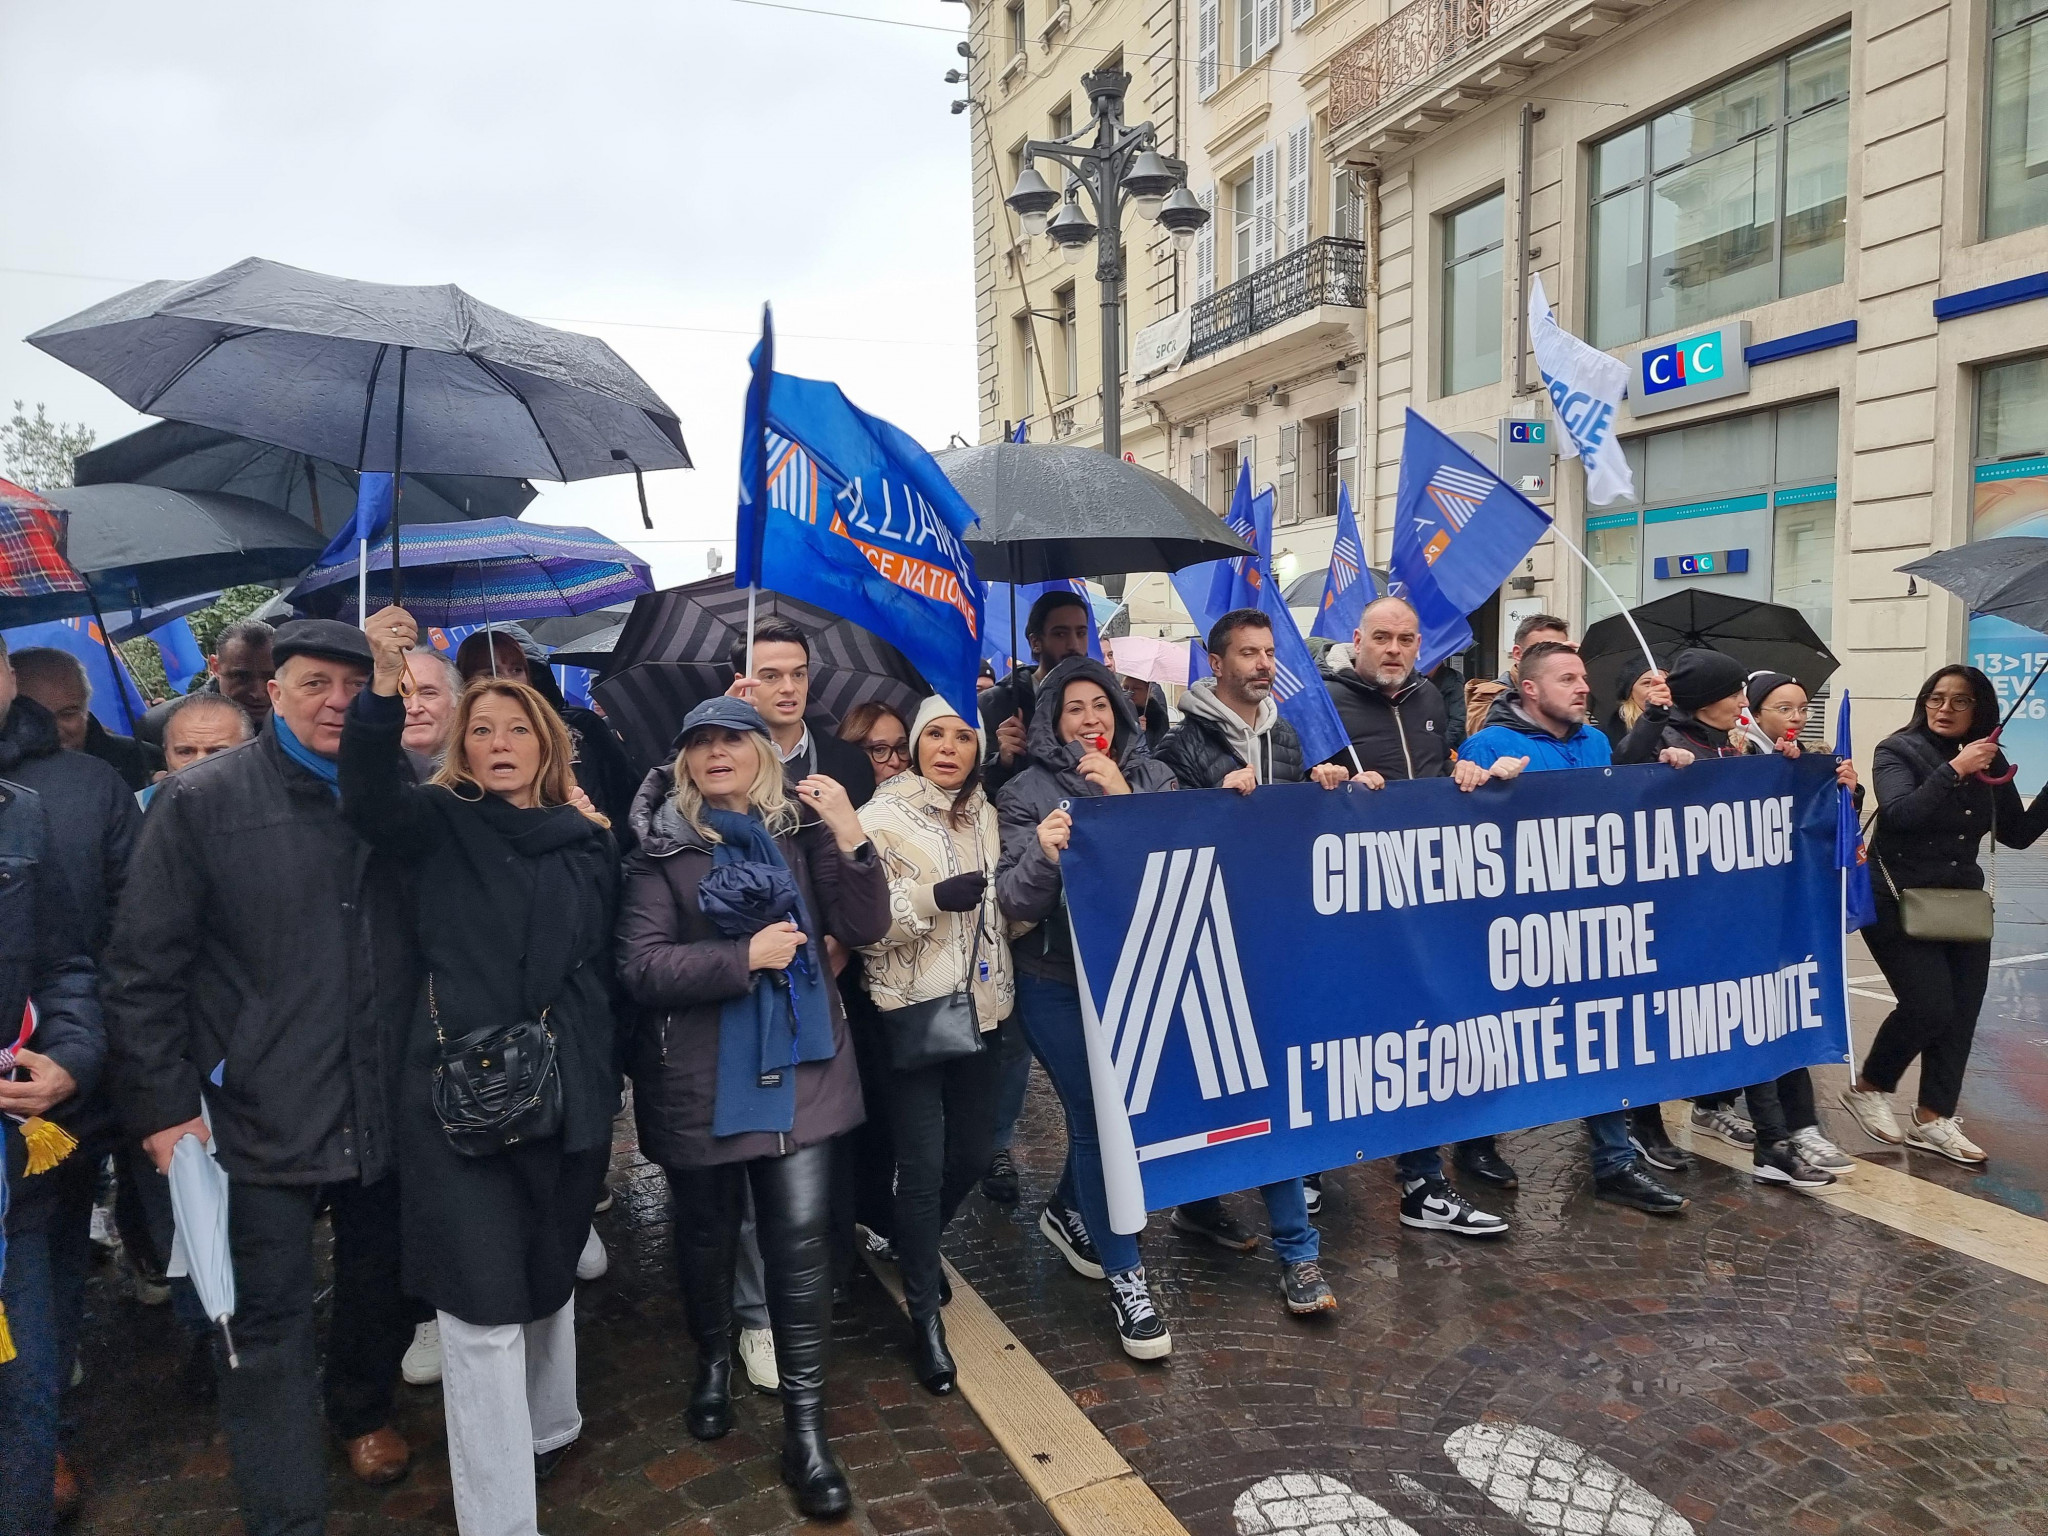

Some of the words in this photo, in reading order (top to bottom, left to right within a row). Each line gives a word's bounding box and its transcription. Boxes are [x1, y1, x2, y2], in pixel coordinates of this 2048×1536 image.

[1649, 342, 1715, 385] CIC
[1541, 370, 1614, 446] RGIE
[1512, 425, 1542, 440] CIC
[1525, 557, 1534, 572] 5
[1682, 557, 1711, 571] CIC
[1987, 675, 2036, 697] EV.
[1997, 698, 2047, 720] 026
[1312, 822, 1507, 916] CITOYENS
[1515, 812, 1626, 895] AVEC
[1633, 807, 1680, 883] LA
[1683, 795, 1794, 877] POLICE
[1488, 901, 1658, 992] CONTRE
[1286, 997, 1568, 1130] L'INSÉCURITÉ
[1575, 996, 1624, 1075] ET
[1632, 954, 1823, 1066] L'IMPUNITÉ

--

• **About this exercise**
What is needed is the whole listing again, exactly as written, with the images left out.

• **Your solution**
Some of the words in this photo, in reading order (top to bottom, left to right within a row). Each line gives a word's bounding box and its transcription. Boxes are [x1, y1, x2, y2], in pixel coordinates of this 2048×1536 image.

[1649, 342, 1715, 385] CIC
[1541, 370, 1614, 446] RGIE
[1512, 425, 1542, 440] CIC
[1525, 557, 1534, 572] 5
[1682, 557, 1711, 571] CIC
[1987, 675, 2036, 697] EV.
[1997, 698, 2047, 720] 026
[1312, 822, 1507, 916] CITOYENS
[1515, 812, 1626, 895] AVEC
[1633, 807, 1680, 883] LA
[1683, 795, 1794, 877] POLICE
[1488, 901, 1658, 992] CONTRE
[1286, 997, 1568, 1130] L'INSÉCURITÉ
[1575, 996, 1624, 1075] ET
[1632, 954, 1823, 1066] L'IMPUNITÉ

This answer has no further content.